Also vorneweg du hast dir viel mühe gegen. Allerdings halt ich es für stark fragwürdig nen How To dafür zu machen das jeder leie sich daran wagen kann. 

Was mir speziel nen Dorn im Auge ist, was andere User aber schon geschrieben haben solche Elektrogeräte öffnet man erst nach 24 stunden.
Zweite sache und noch viel viel gravierender, angenommen du machst nen klitzekleinen Fehler oder du Tauschst die Kondensatoren ohne die eigentliche Fehlerursache zu beheben !!! dir fängt das Gerät an zu brennen und die Wohnung brennt ab, erstens Zahlt KEINE versicherung den schaden egal wie gut du versichert bist. 
Zweitens wenn du in einem Mehrfamilien Haus wohnst kannst du ne anzeige wegen Fahrlässiger Körperverletzung bekommen, im schlimmsten falle wenn jemand dabei stirbt hast ne Anzeige wegen fahrlässiger Tötung am hals. Achso und in ner mietwohnung kann dir fahrlässige sachbeschädigung unterstellt werden.

Mag zwar jetz übertrieben klingen, aber sehr sehr oft sind defekte Elektrogeräte verantwortlich für Wohnungsbrände, und wenn da nur nen funke von verdacht entsteht das du daran rumgebastelt hast, wirst deine lebtage nicht mehr froh. 

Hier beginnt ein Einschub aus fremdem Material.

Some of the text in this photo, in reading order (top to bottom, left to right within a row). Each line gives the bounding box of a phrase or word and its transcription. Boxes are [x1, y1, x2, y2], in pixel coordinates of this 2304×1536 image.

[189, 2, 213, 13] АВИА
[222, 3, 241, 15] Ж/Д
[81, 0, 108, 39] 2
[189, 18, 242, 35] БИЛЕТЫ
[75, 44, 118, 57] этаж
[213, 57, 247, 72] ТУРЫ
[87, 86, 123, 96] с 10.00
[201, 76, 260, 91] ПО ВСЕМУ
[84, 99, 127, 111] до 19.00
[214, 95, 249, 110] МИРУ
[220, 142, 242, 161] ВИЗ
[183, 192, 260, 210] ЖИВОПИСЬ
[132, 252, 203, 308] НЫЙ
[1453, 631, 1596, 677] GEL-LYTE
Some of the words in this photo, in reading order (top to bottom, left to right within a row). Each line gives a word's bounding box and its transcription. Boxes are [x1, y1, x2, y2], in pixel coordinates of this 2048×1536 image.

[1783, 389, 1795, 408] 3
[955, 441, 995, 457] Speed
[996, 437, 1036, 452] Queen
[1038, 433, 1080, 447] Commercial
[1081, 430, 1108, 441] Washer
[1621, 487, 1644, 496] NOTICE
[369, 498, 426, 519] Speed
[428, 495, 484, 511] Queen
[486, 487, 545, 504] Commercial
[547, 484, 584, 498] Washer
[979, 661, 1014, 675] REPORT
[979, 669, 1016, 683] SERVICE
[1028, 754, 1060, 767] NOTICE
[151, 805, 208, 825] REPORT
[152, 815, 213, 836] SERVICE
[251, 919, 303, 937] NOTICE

Ein nicht staatlich geprüfter Fachman darf NICHT an geräten rumbasteln die mehr als 12V Betriebspannung besitzen, dafür gibt es extra eine VDE Norm die das besagt, wenn ich mich nicht täusche wars die DIN VDE 0700 ( dafür aber kein gewähr das ist schon bisl her als ich das gelernt hab ) 

Ganz eng genommen gabs damals sogar probleme mit der VDE Norm und dem verbauen von 230V Netzteilen in PC´s aber das ist jahre her und war zu ner zeit als es noch nich üblich war das man PC´s selbst zusammenschraubt. 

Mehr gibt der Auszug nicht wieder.